JAKARTA, DDTCNews – Keinginan Indonesia segera merealisasikan pertukaran data pajak secara otomatis dengan negara-negara OECD nampaknya bakal terganjal. Kabar tersebut menjadi topik utama beberapa media nasional pagi ini, Jumat (14/7).
Hasil asesmen pertama OECD menyebutkan Indonesia masih masuk dalam kategori negara partially compliance. Kategori tersebut masuk dalam rating yang kurang baik dan konsekuensinya tidak hanya mengancam keikutsertaan dalam AEoI, tapi juga akan dikenakan sanksi dari negara-negara G20.

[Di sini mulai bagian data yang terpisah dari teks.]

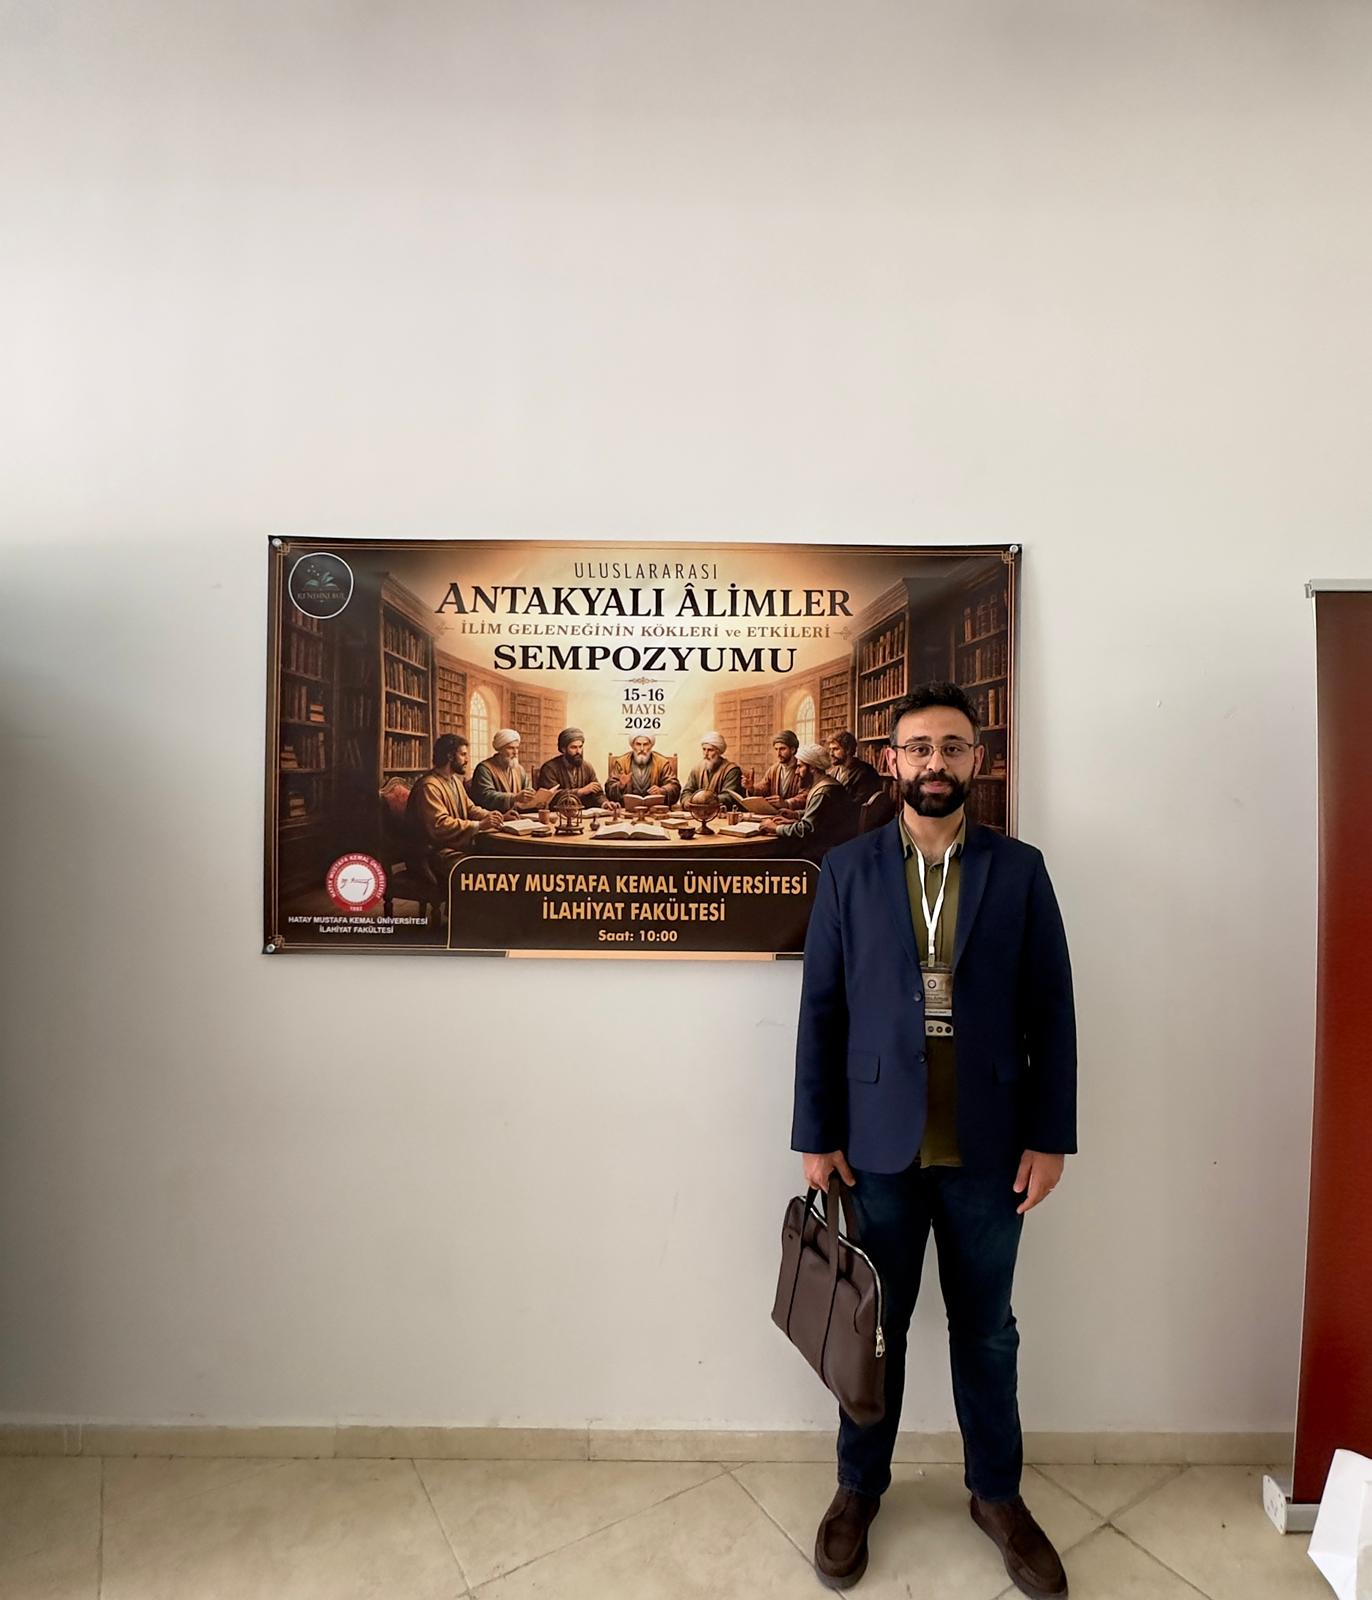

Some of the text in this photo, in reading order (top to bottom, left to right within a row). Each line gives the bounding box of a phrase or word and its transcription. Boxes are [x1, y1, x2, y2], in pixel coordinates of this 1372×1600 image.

[574, 562, 718, 579] ULUSLARARASI
[434, 582, 854, 617] ANTAKYALI ÂLİMLER
[461, 619, 831, 638] İLİM GELENEĞİNİN KÖKLERİ ve ETKİLERİ
[494, 644, 798, 673] SEMPOZYUMU
[623, 688, 665, 702] 15-16
[621, 703, 666, 715] MAYIS
[624, 716, 661, 729] 2026
[460, 870, 808, 895] HATAY MUSTAFA KEMAL ÜNİVERSİTESİ
[542, 896, 725, 921] İLAHİYAT FAKÜLTESİ
[313, 916, 348, 924] MUSTAFA
[377, 916, 428, 925] ÜNİVERSİTESİ
[319, 925, 394, 934] İLAHİYAT FAKÜLTESİ
[598, 929, 678, 942] Saat: 10:00

Salah satu syarat yang belum dipenuhi adalah akses data hingga pemilik sesungguhnya atau beneficial owner di semua entitias atau perusahaan. Padahal, OECD mensyaratkan informasi hingga beneficial ownership harus bisa diakses otoritas pajak manapun dalam pertukaran informasi.
Berita lainnya mengenai pemerintah yang akan segera merampungkan revisi aturan CFC dan Singapura yang meminta negosiasi ulang perjanjian pajak terkait double tax agreement (DTA). Berikut ulasan ringkas beritanya:
Kementerian Keuangan (Kemkeu) merampungkan revisi aturan terkait perlakuan penghasilan dari perusahaan terkendali di luar negeri yang dimiliki oleh wajib pajak Indonesia (Controlled Foreign Company/CFC). Aturan yang direvisi yakni Peraturan Menteri Keuangan (PMK) Nomor 256/pmk.03/2008. Staf Ahli Menteri Keuangan bidang Kepatuhan Pajak Suryo Utomo mengatakan dalam beberapa pekan ke depan, aturan tersebut akan diberlakukan.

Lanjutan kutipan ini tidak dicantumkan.